Luce Fellows
Tuesday, March 3, 2015

Duke Divinity School Professors J. Kameron Carter and Xi Lian have been named Henry Luce III Fellows in Theology for 2015-16. The two were selected for a year-long fellowship to conduct creative and innovative theological research.

Carter, associate professor of theology and black church studies, and Lian, professor of world Christianity, were among the six scholars chosen by the Association of Theological Schools (ATS) in the United States and Canada and The Henry Luce Foundation, Inc.

The Henry Luce III Fellows in Theology program funds research that contributes to theological inquiry and provides leadership in theological scholarship. It emphasizes the interdisciplinary character of theological scholarship and education, and addresses the needs of the academy, faith communities, and society. Fellows present their findings at an annual conference, and in scholarly and popular journals.

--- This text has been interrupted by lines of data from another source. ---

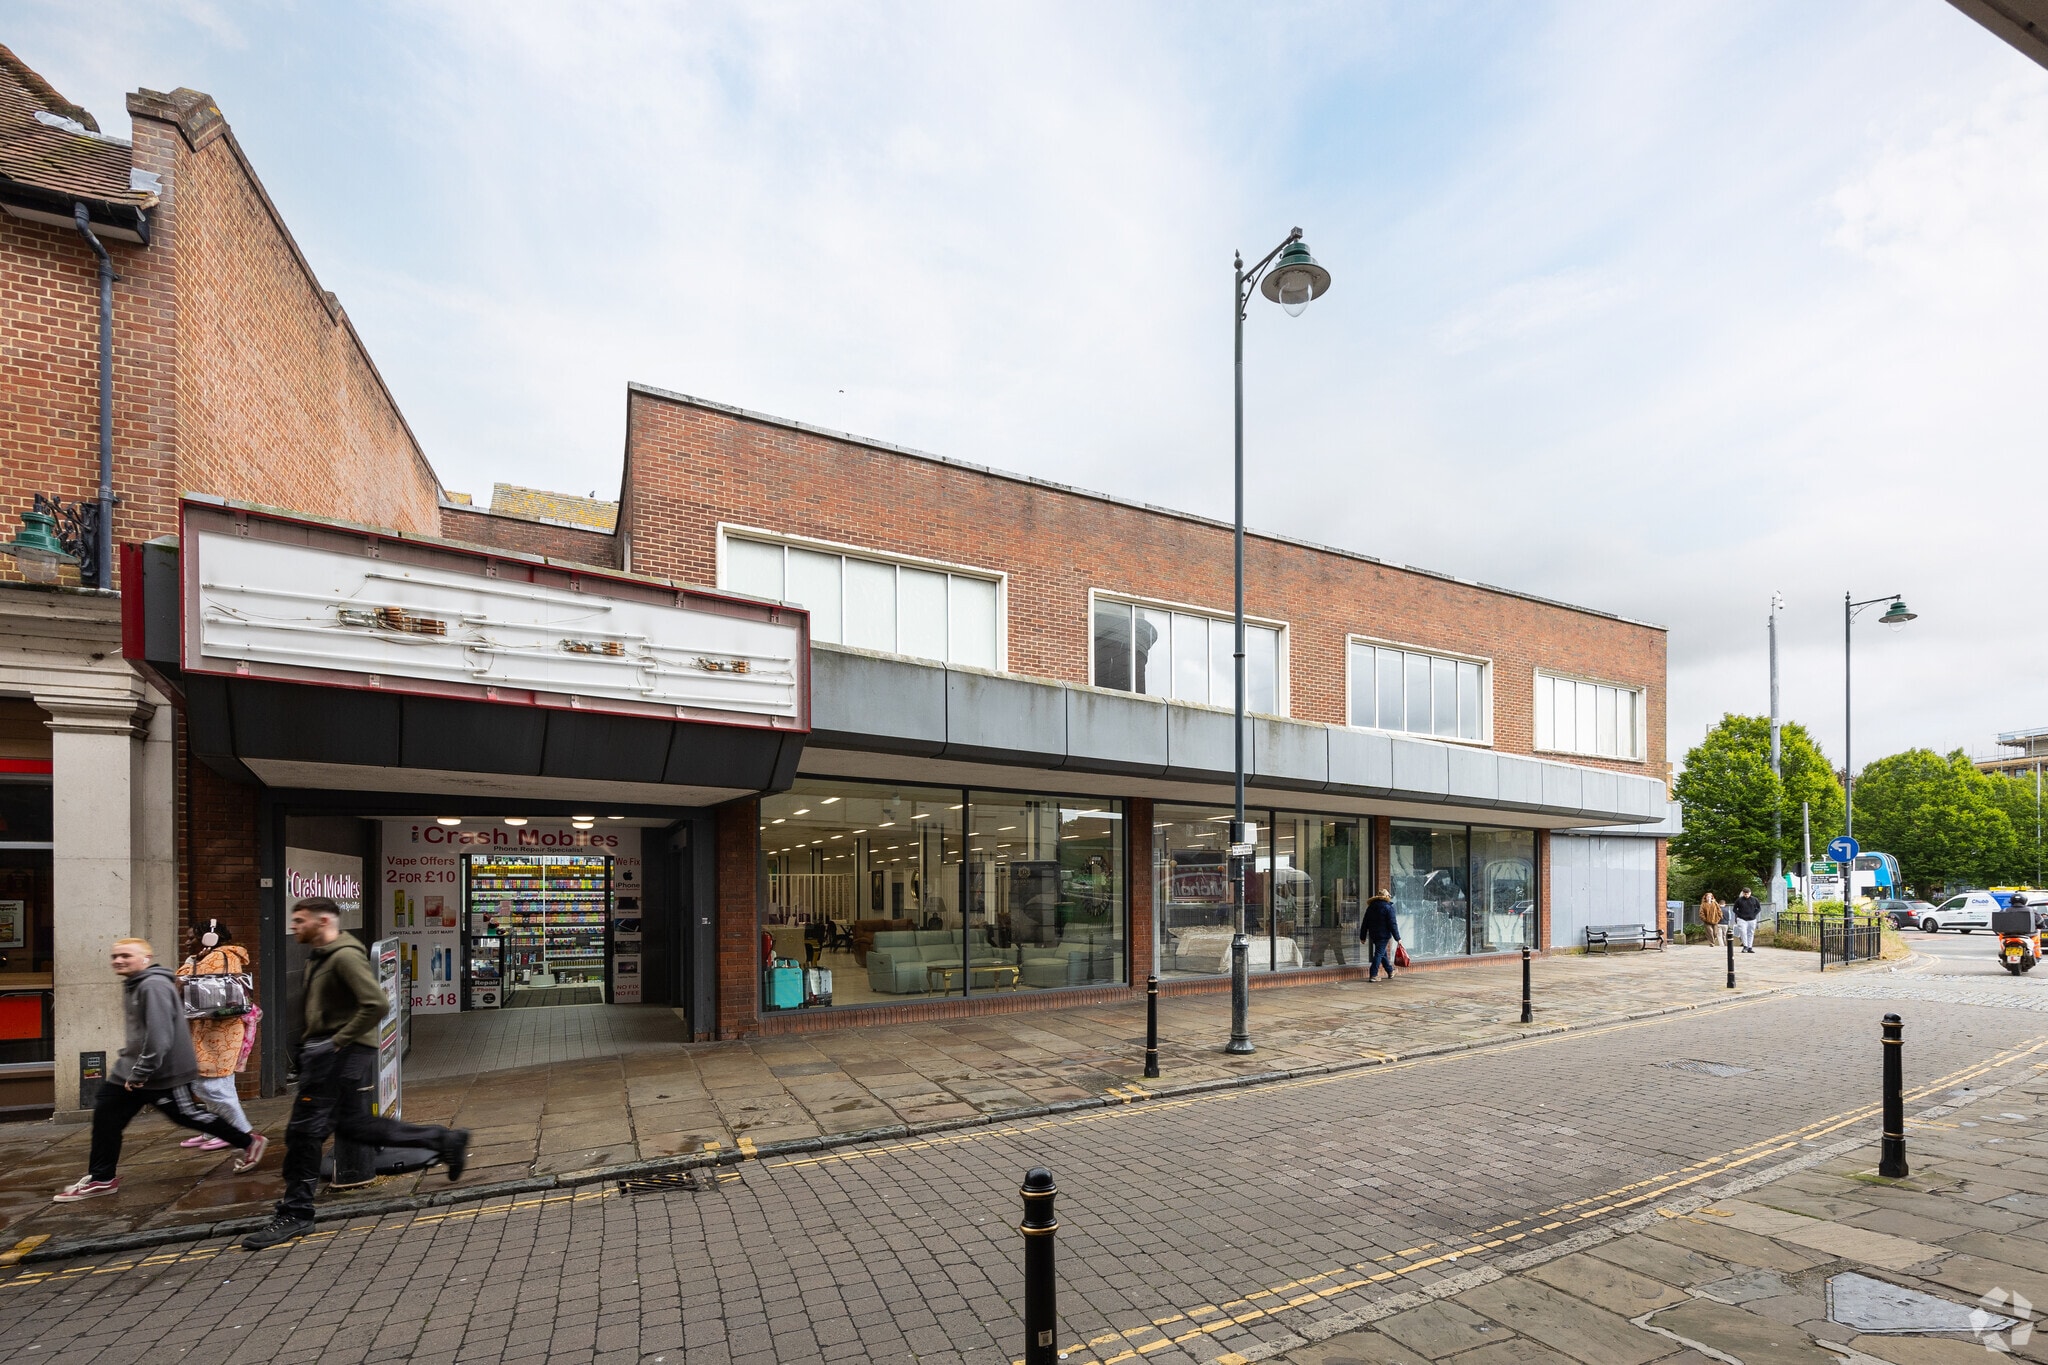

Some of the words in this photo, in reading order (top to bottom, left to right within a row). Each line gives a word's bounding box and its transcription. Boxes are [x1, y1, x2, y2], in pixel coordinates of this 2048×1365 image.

[424, 826, 508, 845] Crash
[518, 829, 619, 847] Mobiles
[387, 856, 416, 867] Vape
[420, 856, 455, 866] Offers
[616, 857, 628, 866] We
[630, 857, 641, 866] Fix
[425, 870, 456, 883] £10
[291, 871, 323, 898] Crash
[324, 874, 361, 899] Mobiles
[426, 993, 457, 1006] £18

During the fellowship, Carter will research Christianity’s “postracial blues” in a project exploring the new terms of entanglement between race and theology, terms made most visible recently in connection with current events of racial violence and injustice. The hashtag #BlackLivesMatter registers the precarity of black and brown life under current postracial conditions. Carter will analyze what the postracial is and diagnose its relationship to church and theology in the interest of extricating the church from postracial thinking. His project also aims to articulate new possibilities of sociability, of non-exclusionary life together, modes of gathering, belonging and being with each other that disrupt both Christianity’s and modern society’s postracial thinking, which has recirculated racial hierarchies through postracial denial and practices of division.

Meanwhile, Lian’s project will be to produce a critical biography of Lin Zhao (1932–1968), a Dietrich Bonhoeffer-like figure in Chinese Christianity whose faith led her to publicly oppose what she called the slavery of Chinese communism during the most radical phase of Mao’s rule. Incarcerated as a political dissident, Lin produced numerous prison writings (essays, poems, letters, and a play) against communist rule that were often written in her own blood and while chained. She was repeatedly tortured and executed in 1968 at the height of the Cultural Revolution.